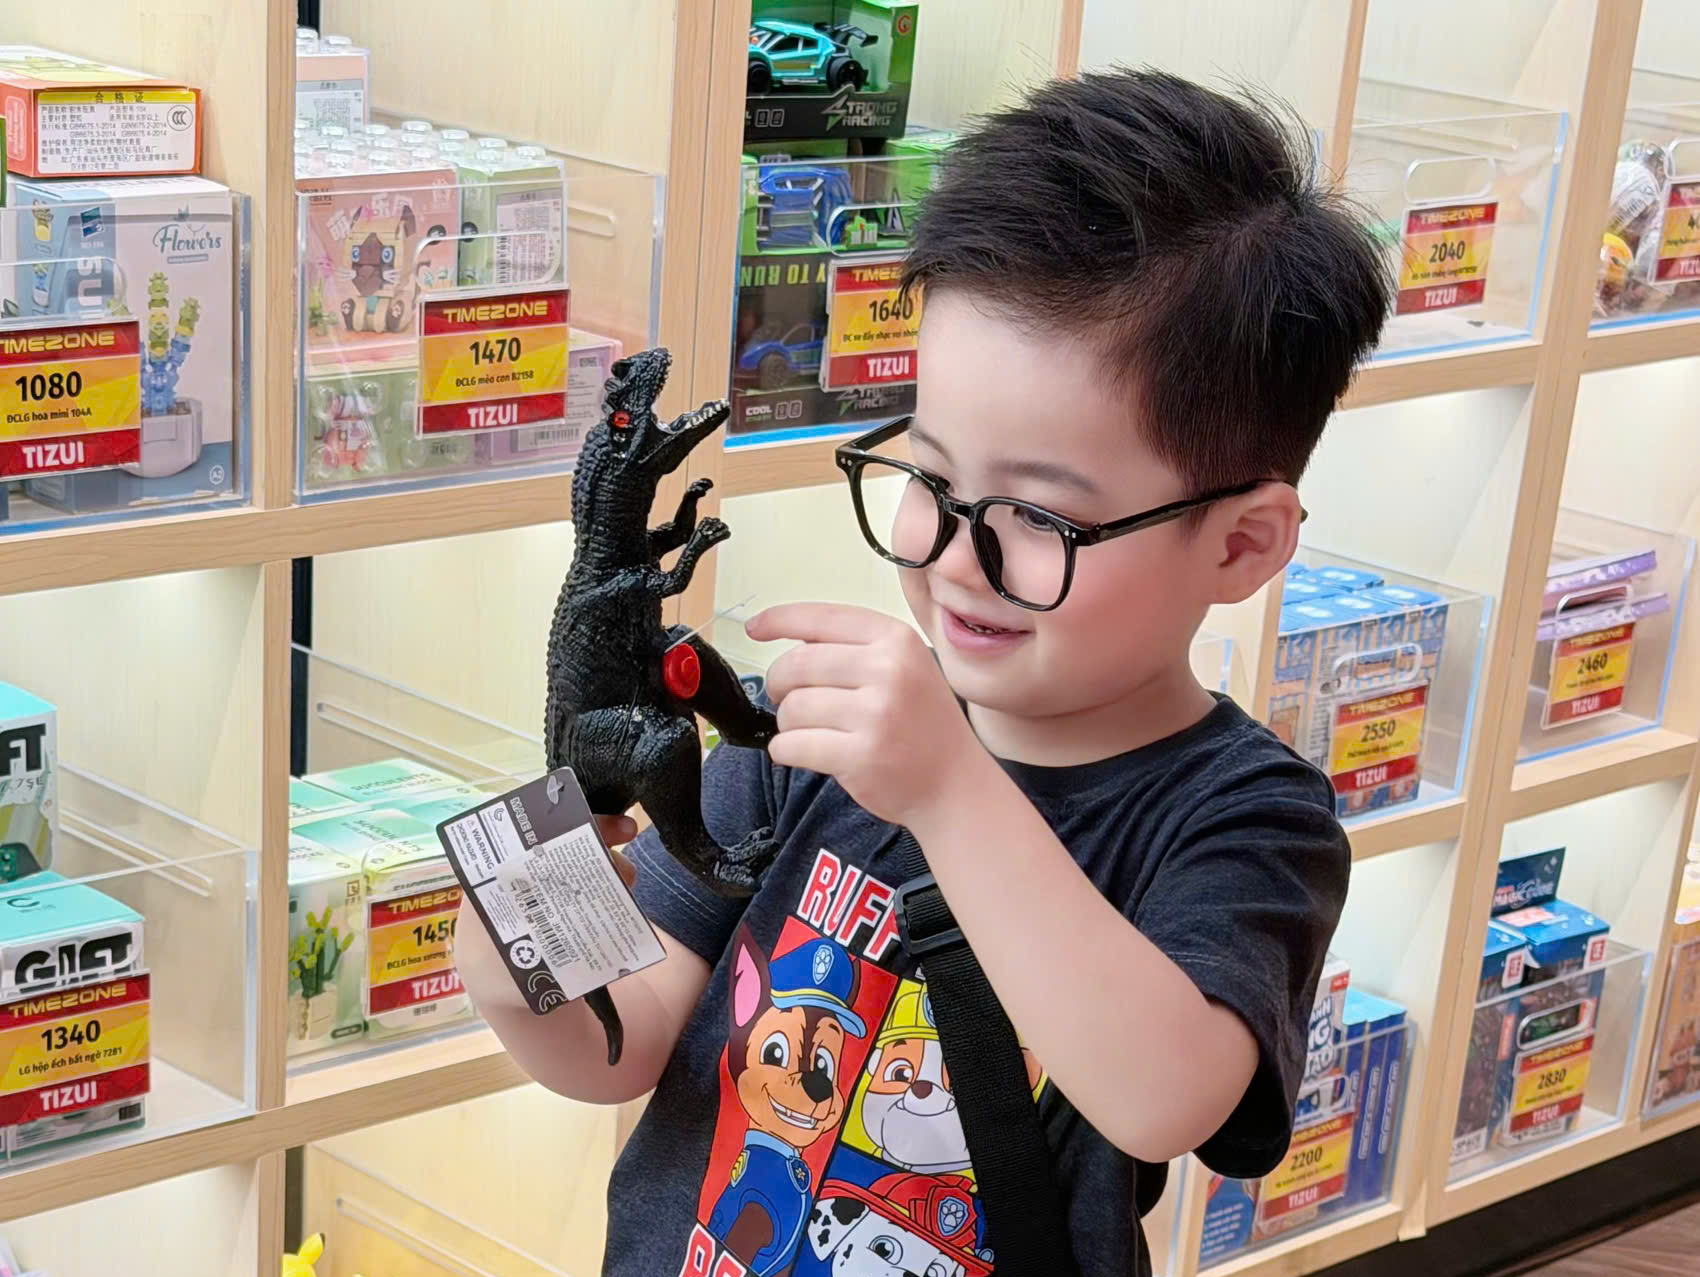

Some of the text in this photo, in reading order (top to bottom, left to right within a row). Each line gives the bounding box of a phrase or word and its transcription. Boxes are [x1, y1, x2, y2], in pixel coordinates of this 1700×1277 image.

[1429, 240, 1466, 264] 2040
[1424, 287, 1458, 308] TIZUI
[443, 300, 549, 324] TIMEZONE
[869, 298, 914, 323] 1640
[469, 337, 522, 366] 1470
[867, 355, 910, 378] TIZUI
[15, 371, 83, 402] 1080
[32, 411, 48, 421] hoa
[50, 409, 69, 420] mini
[467, 404, 518, 428] TIZUI
[22, 441, 85, 469] TIZUI
[1577, 652, 1608, 675] 2460
[1572, 694, 1600, 716] TIZUI
[1361, 719, 1396, 743] 2550
[1355, 765, 1388, 788] TIZUI
[507, 796, 539, 846] MADE IN
[468, 828, 498, 871] WARNING
[9, 983, 128, 1019] TIMEZONE
[41, 1020, 101, 1053] 1340
[19, 1064, 31, 1076] LG
[1538, 1068, 1567, 1090] 2830
[40, 1081, 97, 1111] TIZUI
[1290, 1146, 1323, 1171] 2200
[1289, 1185, 1319, 1209] TIZUI
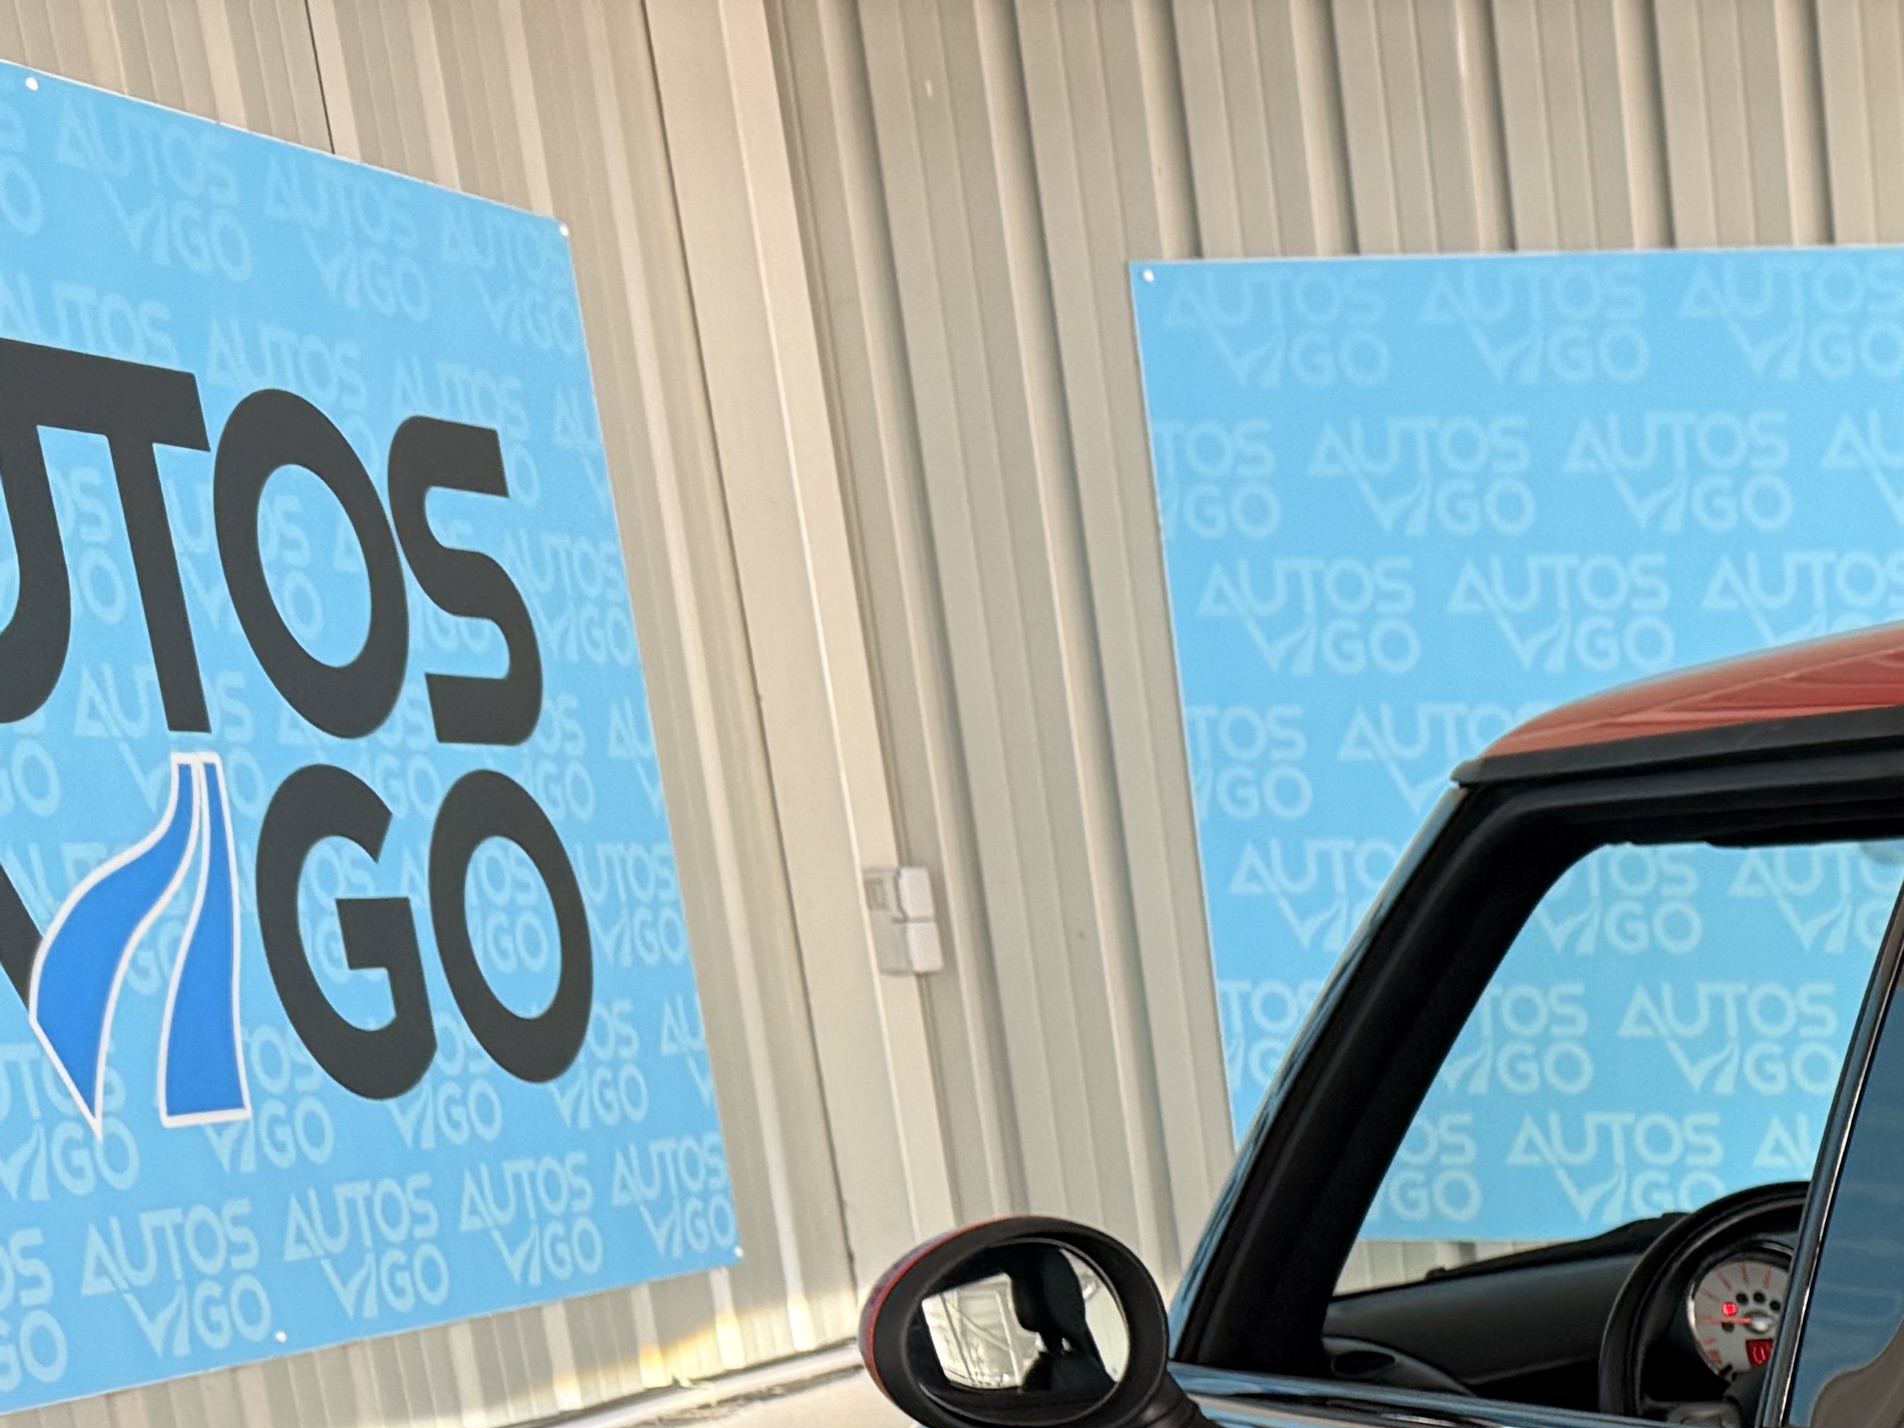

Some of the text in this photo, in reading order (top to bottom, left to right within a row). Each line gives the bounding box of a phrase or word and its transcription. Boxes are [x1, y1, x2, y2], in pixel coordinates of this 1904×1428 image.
==============================
Problem to work on: The entries above need to be repeated word for word, minus their pictures.

Response area:
Some of the text in this photo, in reading order (top to bottom, left to right within a row). Each line gives the bounding box of a phrase or word and its transcription. Boxes are [x1, y1, x2, y2], in pixel coordinates of this 1700×1277 image.

[1429, 240, 1466, 264] 2040
[1424, 287, 1458, 308] TIZUI
[443, 300, 549, 324] TIMEZONE
[869, 298, 914, 323] 1640
[469, 337, 522, 366] 1470
[867, 355, 910, 378] TIZUI
[15, 371, 83, 402] 1080
[32, 411, 48, 421] hoa
[50, 409, 69, 420] mini
[467, 404, 518, 428] TIZUI
[22, 441, 85, 469] TIZUI
[1577, 652, 1608, 675] 2460
[1572, 694, 1600, 716] TIZUI
[1361, 719, 1396, 743] 2550
[1355, 765, 1388, 788] TIZUI
[507, 796, 539, 846] MADE IN
[468, 828, 498, 871] WARNING
[9, 983, 128, 1019] TIMEZONE
[41, 1020, 101, 1053] 1340
[19, 1064, 31, 1076] LG
[1538, 1068, 1567, 1090] 2830
[40, 1081, 97, 1111] TIZUI
[1290, 1146, 1323, 1171] 2200
[1289, 1185, 1319, 1209] TIZUI

Some of the text in this photo, in reading order (top to bottom, left to right within a row). Each line gives the bounding box of a phrase or word and its transcription. Boxes are [x1, y1, x2, y2], in pixel coordinates of this 1904×1428 image.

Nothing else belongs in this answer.